CHP Eskişehir Milletvekili Utku Çakırözer, “Kadın cinayetlerinde haksız tahrik indirimi uygulanmasın, en etkin en caydırıcı önlemler alınabilsin" dedi.
Boşandığı Yalçın Özalpay tarafından, 11 Ekim 2019’da saldırıya uğrayan Ayşe Tuba Arslan 24 Kasım 2019’da yaşamını yitirmişti. Eskişehir 3. Ağır Ceza Mahkemesi, Özalpay’ın; “tasarlayarak, canavarca hisle veya eziyet çektirerek, nitelikli kasten öldürme" suçlamasıyla ağırlaştırılmış müebbet hapis cezasına çarptırılmasına karar vermişti. Yerel mahkeme, cezada herhangi bir indirim yapmamıştı.
Özalpay’ın avukatı, karara itiraz etmiş, dosya; istinaf yargılamasını yürütecek Ankara Bölge Adliye Mahkemesi 2. Ceza Dairesi’ne taşınmıştı. Görülen duruşmada, istinaf savcısı, mütalaasında; “canavarca hisle ve eziyet çektirerek öldürmenin söz konusu olmadığı” gerekçesiyle, cezada “haksız tahrik indirimi” uygulanmasını istedi.
CHP'Lİ ÇAKIRÖZER: İHMALLERİN ÜSTÜ ÖRTÜLDÜ
Mütalaaya tepki gösteren CHP Eskişehir Milletvekili Utku Çakırözer, “Ayşe Tuğba Aslan öldürüldüğünde çantasından (sanık hakkındaki) 23. suç duyurusunun dilekçesi çıktı. Devlete ‘beni öldükten sonra mı koruyacaksınız’ diye isyan ediyordu. İhmallerin üstü örtüldü. İstinaf mahkemesinde savcı katil için ceza indirimi istedi.
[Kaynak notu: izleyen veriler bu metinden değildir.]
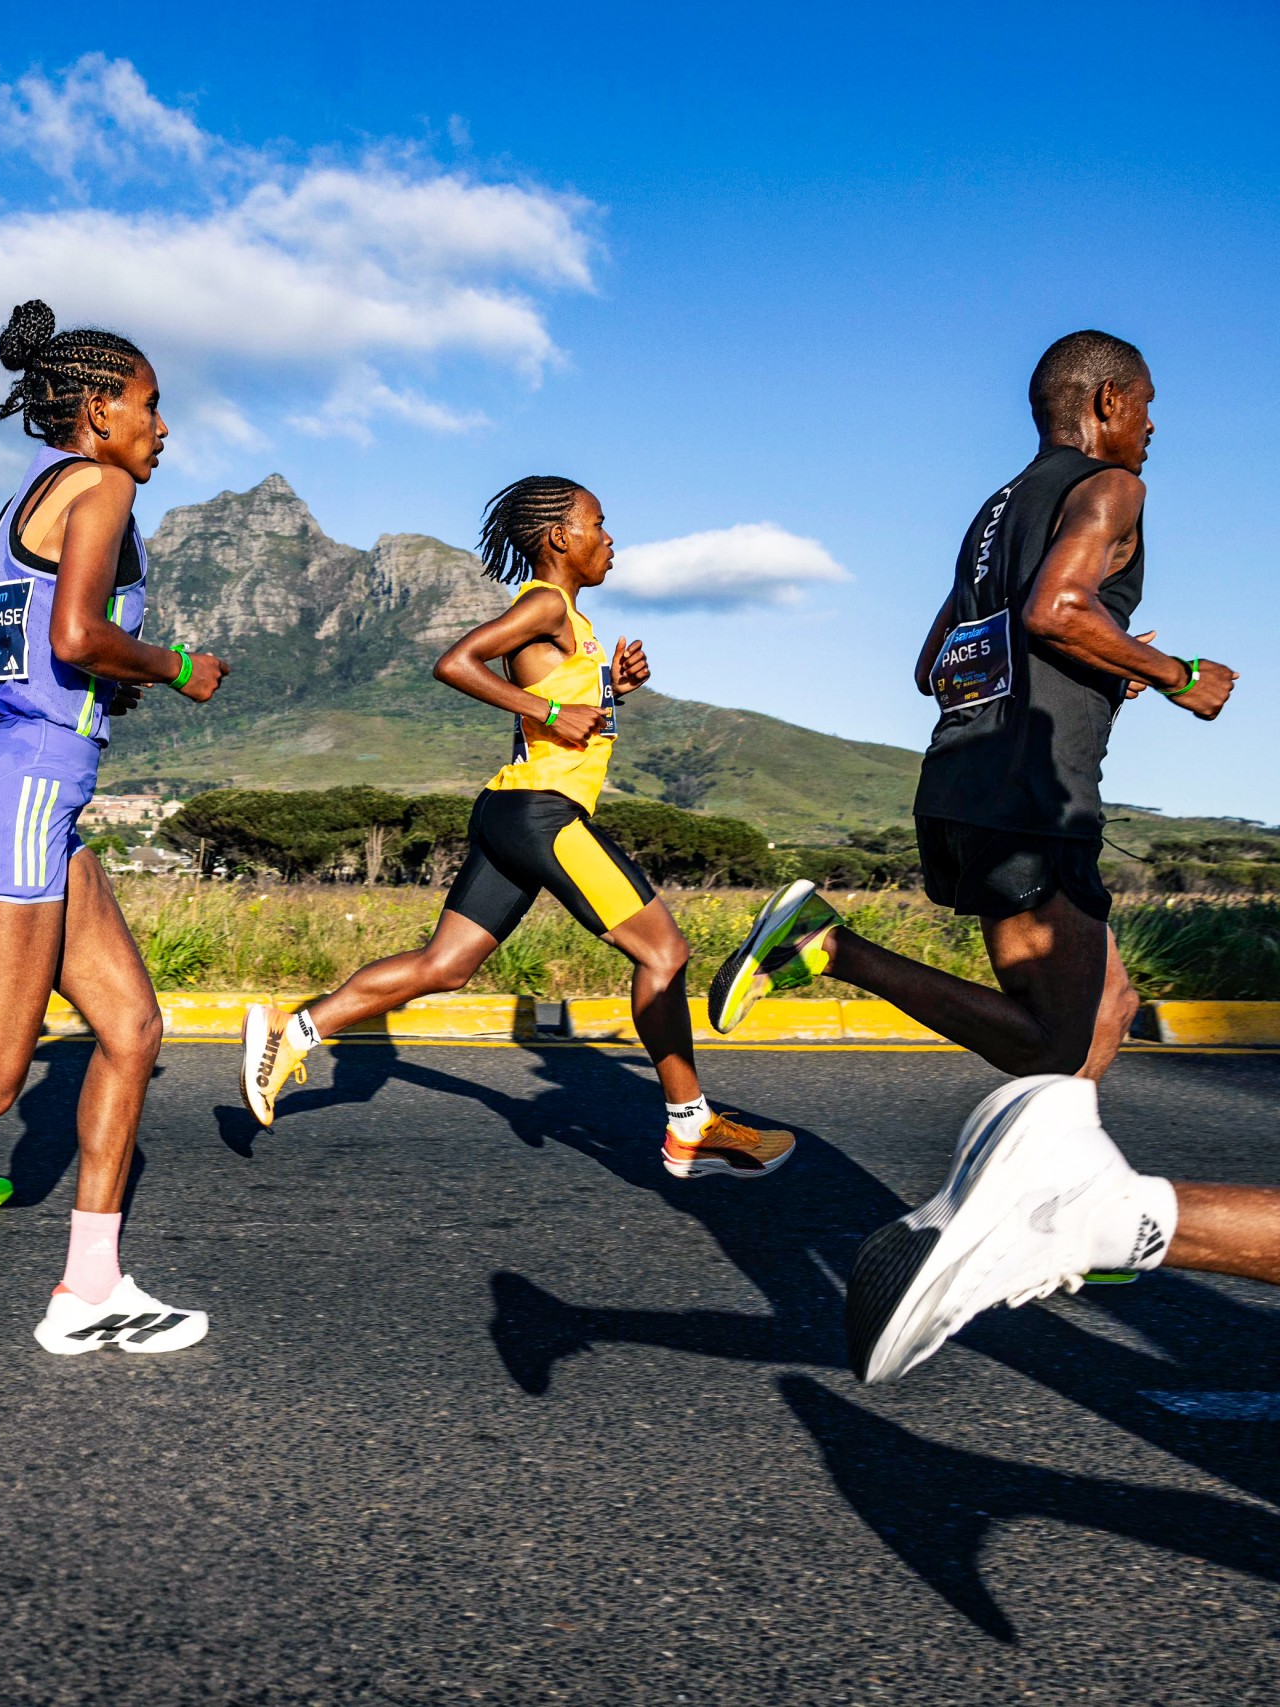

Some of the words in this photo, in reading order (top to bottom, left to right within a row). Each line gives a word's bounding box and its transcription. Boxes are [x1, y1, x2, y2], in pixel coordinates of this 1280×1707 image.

Başka Ayşe Tuba Arslan’lar ölmesin istiyorsak mutlaka İstanbul Sözleşmesi yaşamalıdır ki 6284 sayılı Kanun uygulanabilsin, kadın cinayetlerinde haksız tahrik indirimi uygulanmasın, en etkin en caydırıcı önlemler alınabilsin" diye konuştu.
“CİNAYETTE CANAVARCA HİSLE ÖLDÜRME AMACI VAR”
Savcının verdiği mütalaaya davayı izleyen kadın hakları savunucuları da tepki gösterdi. Ayşe Tuba Arslan Dava Komitesi imzasıyla yapılan yazılı açıklamada, mütalaa ile sanığın değil, ölen Ayşe Tuba Aslan’ın yargılandığı belirtildi. Cinayete ilişkin ayrıntıların aktarıldığı açıklamada, “Katilin bu davranışları sadece öldürme amacını değil canavarca hisle ve eziyet çektirerek öldürme amacını göstermektedir” denildi.
“İSTANBUL SÖZLEŞMESİ ETKİN UYGULANSA AYŞE TUBA YAŞIYOR OLACAKTI”
Açıklamada şu ifadelere yer verildi:
“Erkeklerin kadınları öldürme hakkı olduğu düşüncesinin bir ürünü olan ‘kadın cinayetlerindeki haksız tahrik’ senaryoları, tüm kadın cinayeti davalarında katil erkeklerin sığındığı en basit savunma aracıdır. Namus kisvesi ve aldatma bahaneleri kadın cinayetlerinde en çok başvurulan savunma aracı olmasının sebebi yargı tarafından bu savunmaların kabul görüyor oluşudur.
Adli makamlara 23 kez başvuran Ayşe Tuba'nın bir kez bile çığlığını duymayan yargı; boşanma davasında bile delil sayılmayan, mesnetsiz ve içeriği anlaşılmayan belge ve bilgileri adeta tırnaklarıyla kazıyıp bularak erkek lehine indirim yapılması büyük çaba içine girmiştir. Savcılığının verdiği bu mütalaa erkek adaletin in en somut örneğidir.”